START Provided records

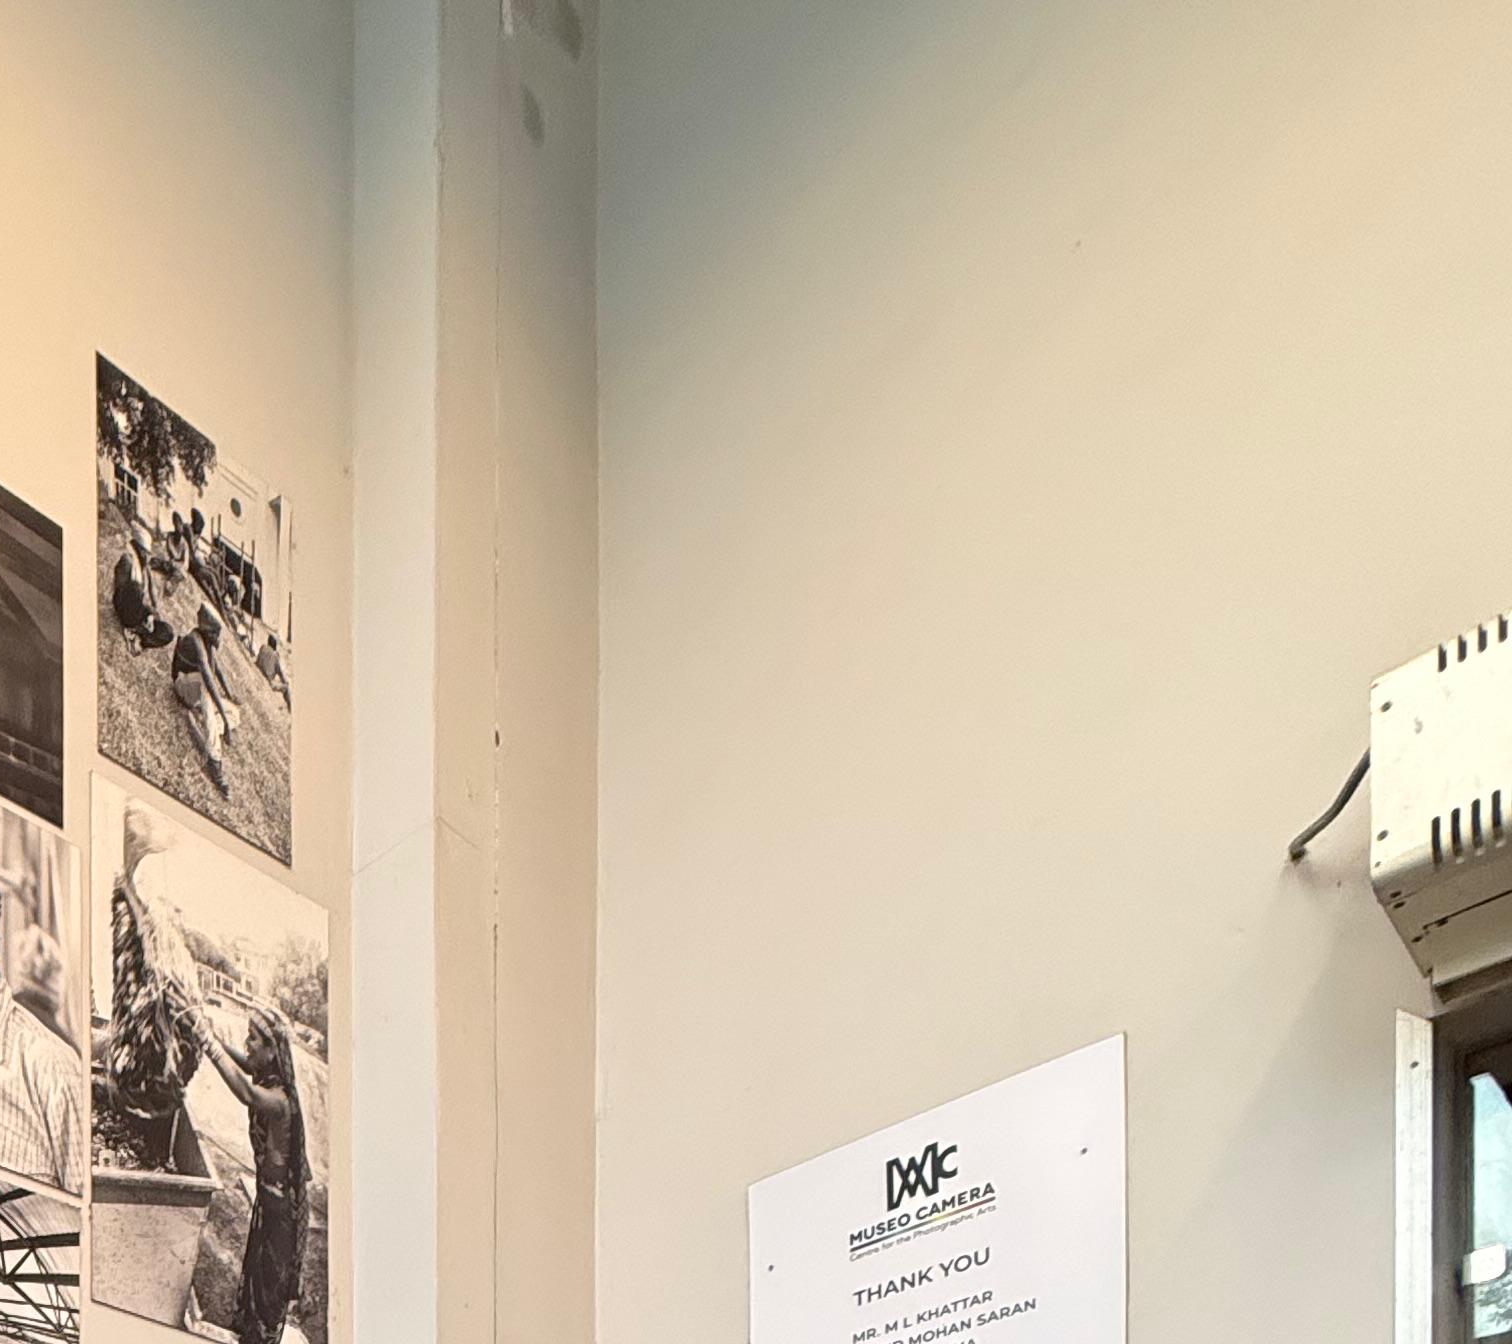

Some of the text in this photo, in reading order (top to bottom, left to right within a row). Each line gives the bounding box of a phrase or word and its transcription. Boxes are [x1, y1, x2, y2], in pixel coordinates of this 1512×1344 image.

[849, 1182, 996, 1246] MUSEO CAMERA
[852, 1246, 990, 1307] THANK YOU
[852, 1290, 993, 1344] MR. M L KHATTAR
[976, 1297, 1037, 1327] SARAN
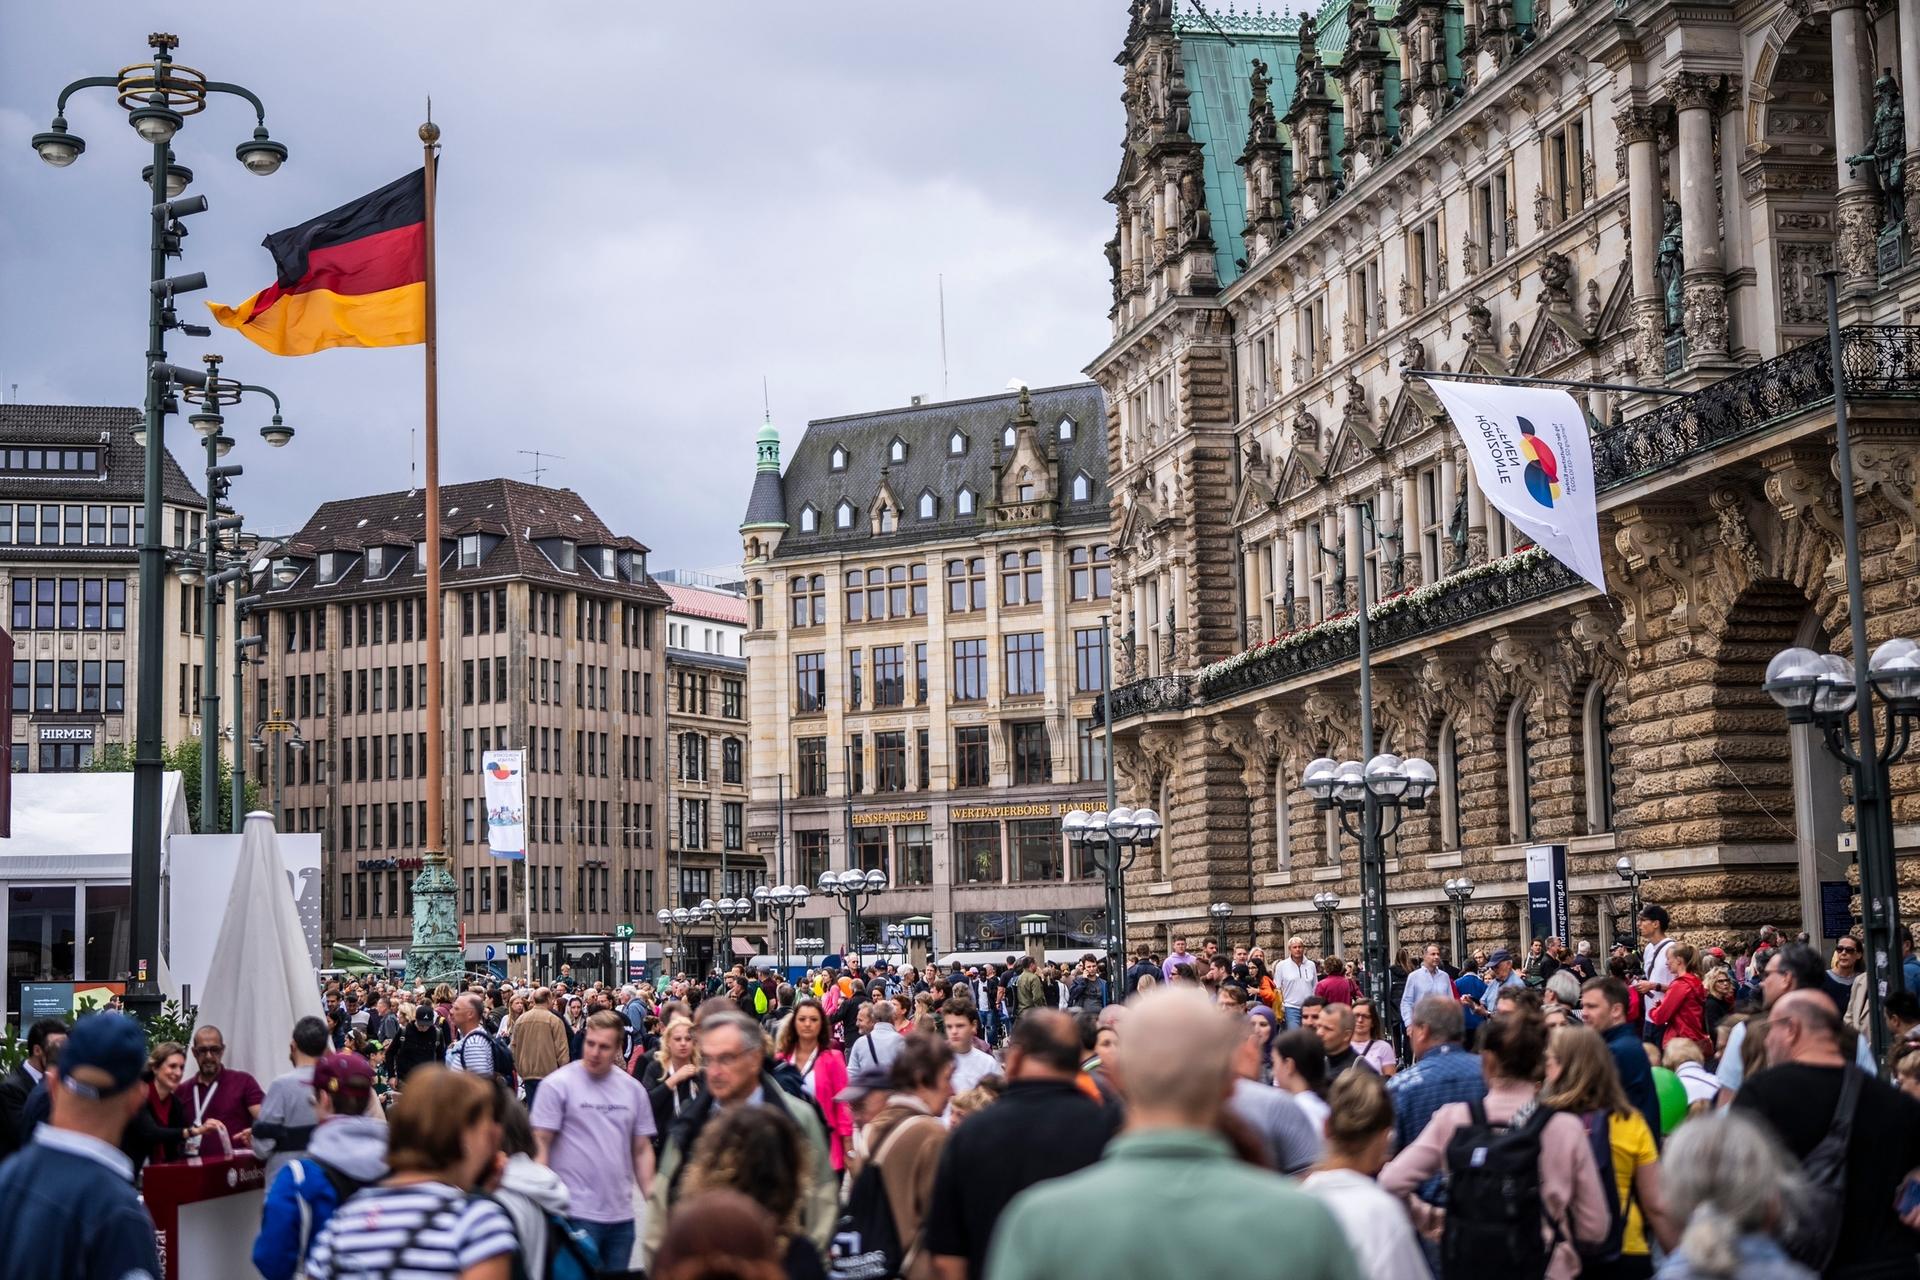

END Provided records

-- Work item --
Your task is to restate every record word for word. Omit all pictures.

-- Answer for this exercise --
Some of the text in this photo, in reading order (top to bottom, left to right within a row). Each line gives the bounding box of a phrase or word and its transcription. Boxes are [x1, y1, x2, y2], in pixel coordinates of this 1512×1344 image.

[849, 1182, 996, 1246] MUSEO CAMERA
[852, 1246, 990, 1307] THANK YOU
[852, 1290, 993, 1344] MR. M L KHATTAR
[976, 1297, 1037, 1327] SARAN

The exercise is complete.